The outbreak of war in Ukraine on Joe Biden’s watch has caused plenty of speculation of how Donald Trump would have handled the same grave international crisis. It wouldn’t have happened on my watch, the former president said when Russia began its invasion of Ukraine. Two recent tidbits are a reminder of just what a fool’s errand such counterfactuals are.

Talking to donors in New Orleans this weekend, Trump unveiled a tongue-in-cheek plan to counter America’s two biggest rivals: adorn US F-22s with Chinese flags, “bomb the shit” out of Russia” and “then we say, China did it, we didn’t do it, China did it, and then they start fighting with each other and we sit back and watch.” The riff is obviously more stand-up than foreign policy prescription, but it’s a taste of the sort of extemporaneous spitballing from Trump that would have accompanied the crisis.

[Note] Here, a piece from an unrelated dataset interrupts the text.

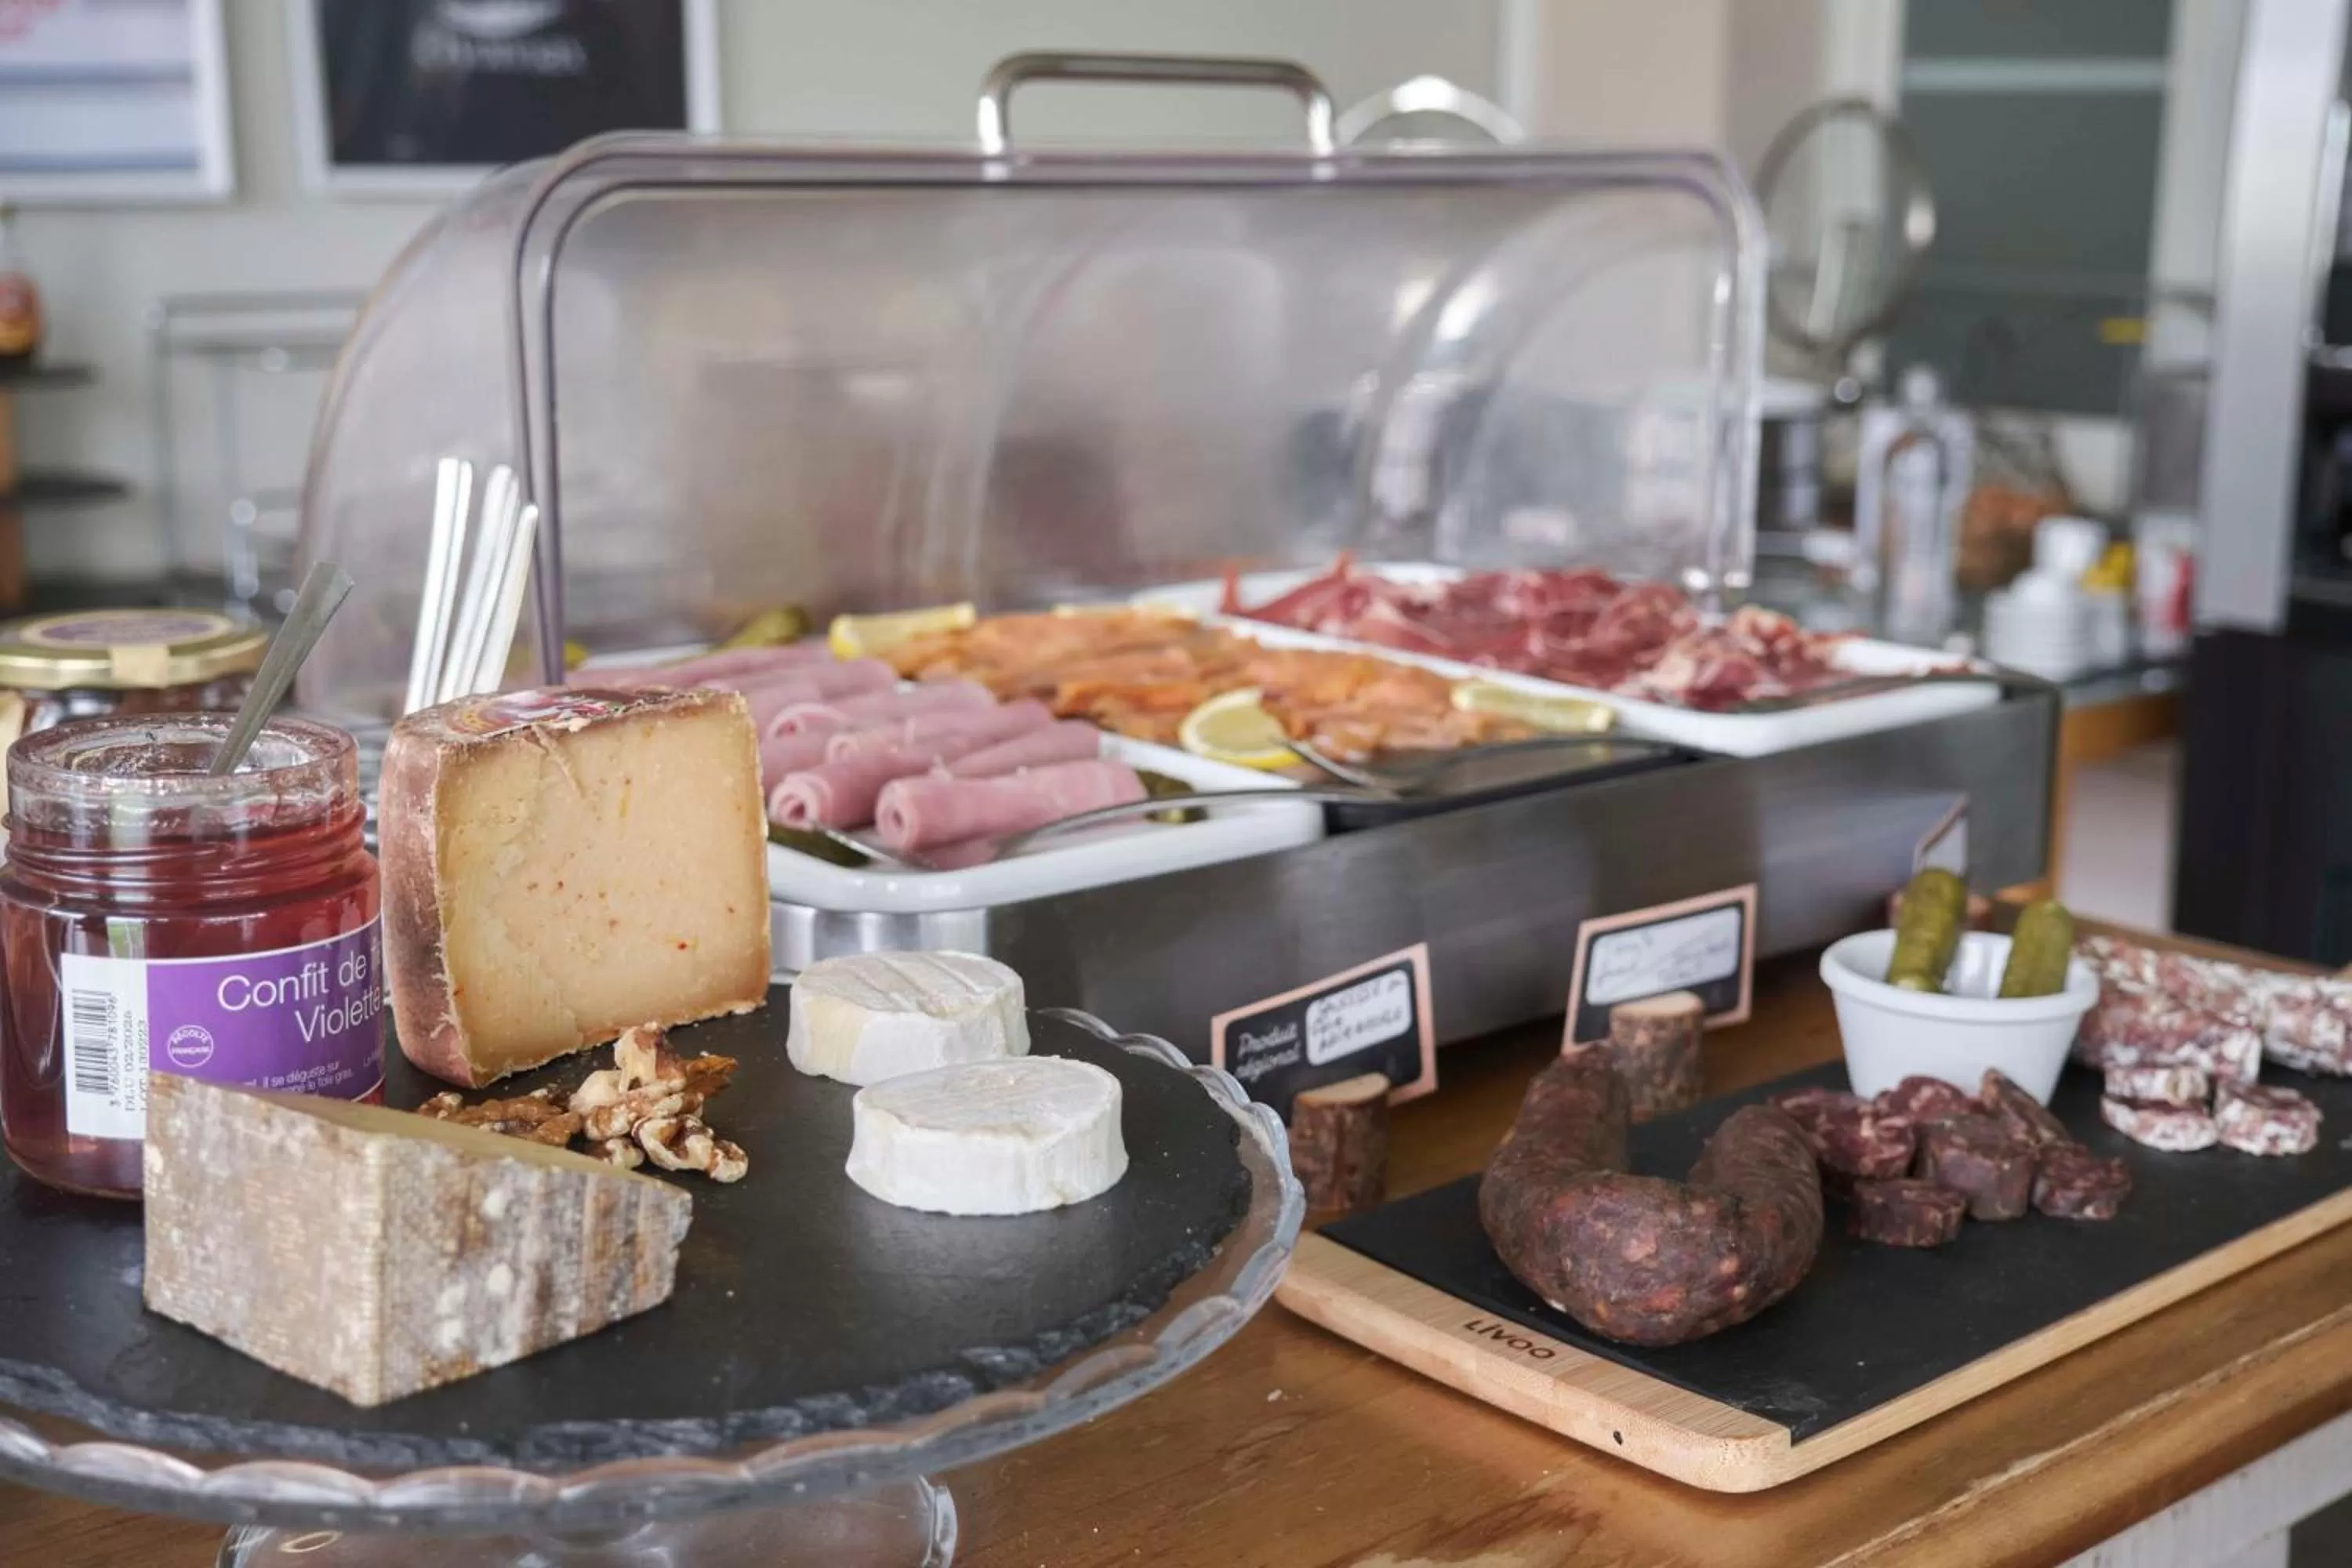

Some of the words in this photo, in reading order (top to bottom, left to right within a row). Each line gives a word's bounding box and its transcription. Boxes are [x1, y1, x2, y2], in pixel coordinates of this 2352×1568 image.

[217, 961, 330, 1011] Confit
[338, 950, 366, 987] de
[295, 985, 381, 1043] Violette

Trump’s former national security advisor struck a more serious note during a Washington Post live event last week. John Bolton said he thinks Trump would have pulled out of NATO had he been re-elected in 2020. Of Trump’s approach to Ukraine in 2019, when he pressured Zelensky to investigate the Biden’s business dealings in the country by threatening to withhold military support, Bolton told the Post: “I can say that every other senior national security advisor — Mike Pompeo, Mark Esper at Defense — all of us felt that we needed to bolster Ukraine’s security and were appalled at what Trump was doing. And finally, it got resolved in the near term on the security assistance, but the significant negative consequences for Ukraine I think were real.”

Don’t call it a comeback

The study in shamelessness that is Andrew Cuomo’s comeback tour stepped up a notch yesterday when the former New York governor, who was forced to resign after allegations of sexual harassment last year, spoke at a Brooklyn church. In his speech to the congregation, Cuomo opted for a twenty-five-minute airing of the grievances, and describing “probably the toughest time in my life.” Lamenting “cancel culture” that, he claimed, was used to “effectively overturn an election,” referring to his 2018 victory.”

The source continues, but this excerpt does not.